Tuesday, March 29, 2011

What's So Wrong with Arrogance?

I have always had a negative gut reaction to arrogant/overconfident people. In popular culture, however, arrogance is played up as a cornerstone of success and downright entrepreneurial chutzpah, exemplified by icons such as Zuck in The Social Network, Gordon Gekko in Wall Street or Donald Trump in the avalanche of The Apprentice "reality" shows.

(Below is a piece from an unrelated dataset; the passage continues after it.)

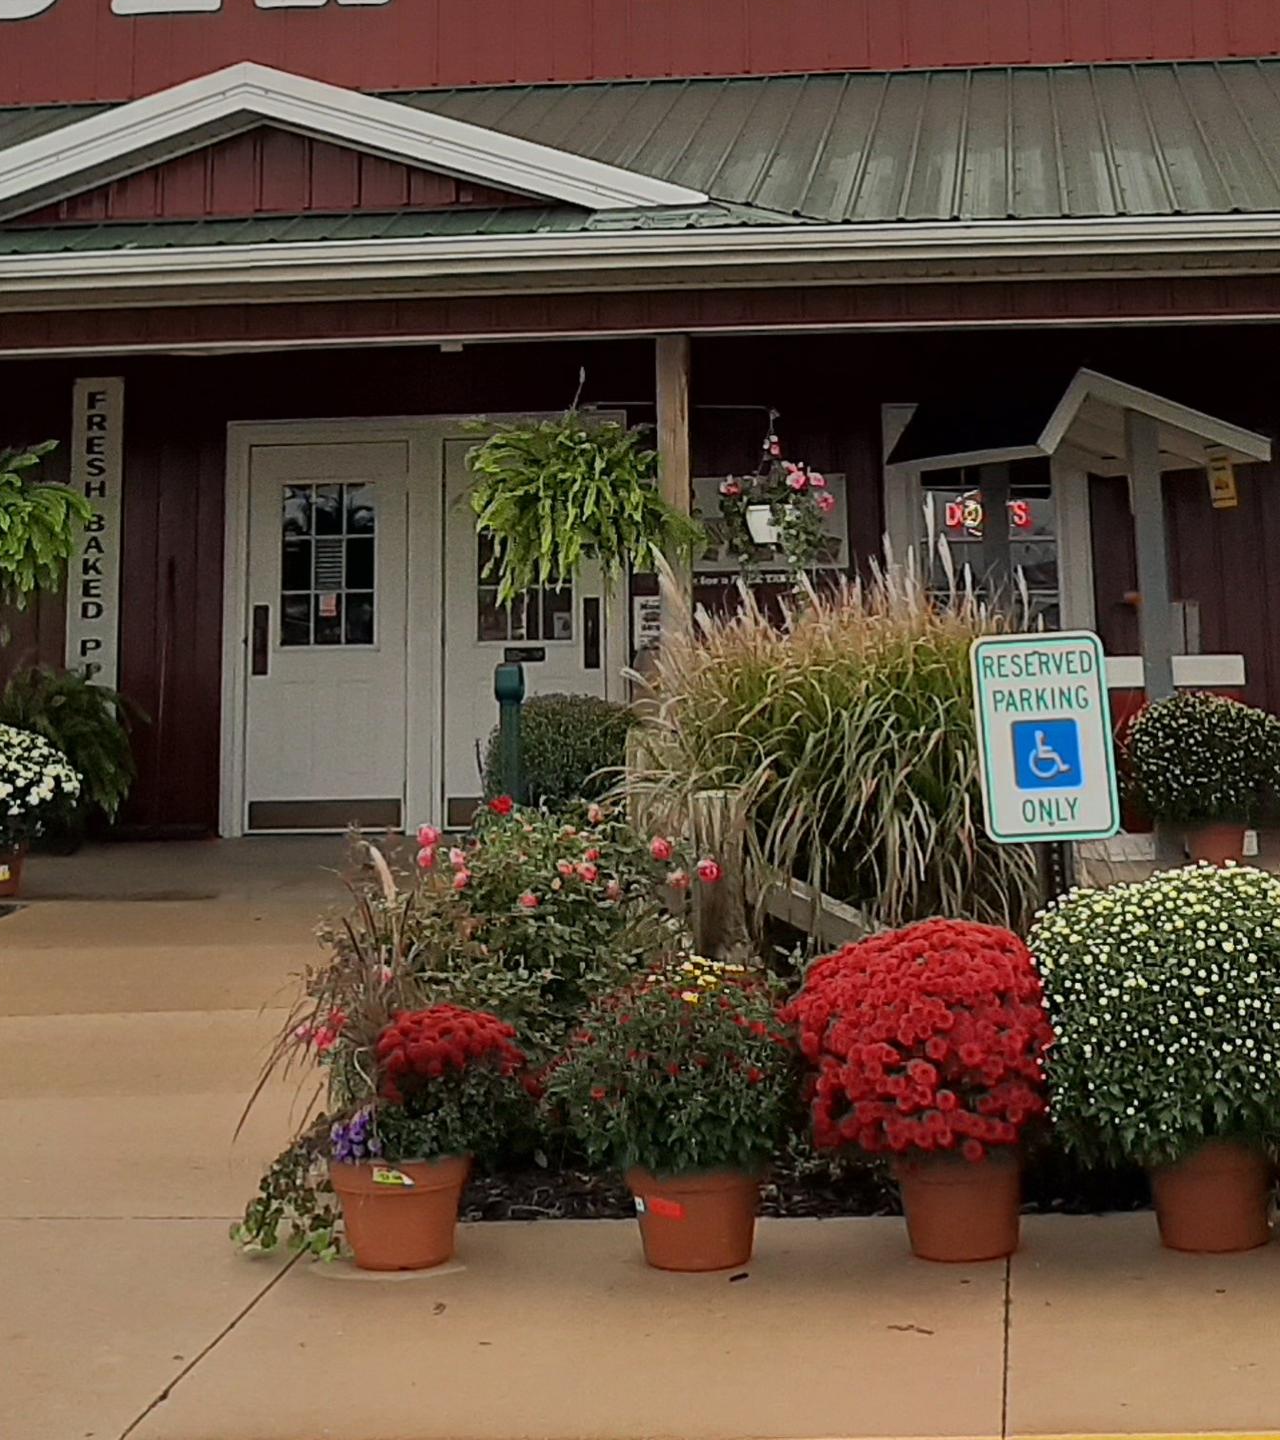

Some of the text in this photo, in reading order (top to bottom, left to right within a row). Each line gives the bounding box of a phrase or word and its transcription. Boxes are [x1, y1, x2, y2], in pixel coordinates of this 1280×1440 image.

But I felt vindicated when in the last issue of Harvard Business Review I encountered a very interesting research entitled "Experts Are More Persuasive When They Are Less Certain" by Associate Professor Zakary Tormala of Stanford GSB. According to this research which tallied ratings of a fictitious restaurant based on a variety of professional and amateur reviews, my gut reaction to arrogance has been spot on with majority of folks:

[We] asked subjects what they’d pay for a meal at our fictitious restaurant, Bianco’s. People who’d read the tentative professional review were willing to pay 56% more than people who’d read the highly certain professional review. But uncertainty had almost the exact opposite effect with amateur opinions. People who’d read a confident amateur review were willing to pay 54% more for a meal than those who’d read an uncertain amateur review.

Professor Tormala attributes this phenomenon to "expectancy violations":

People expect experts to be confident. Violations of that expectation surprise them. We see that in our data. Subjects reported being more surprised by the uncertain experts and the confident amateurs. A surprise draws you in and makes you pay more attention. It gives the review more impact.
I also think there is another phenomenon at play, which for a lack of a better word I call "Car Salesman Phobia". On a deep philosophic level, we all suspect that there is really no certainty in life. So whenever someone starts to come across too strong about anything, our intuitive alarm bells go off that this person may either have an ulterior motive (like a car salesman) or be so amazed by themselves that they are not checking their own blind spots. Those alarm bells are somewhat muffled when the expert starts admitting that there is room for doubt and further research.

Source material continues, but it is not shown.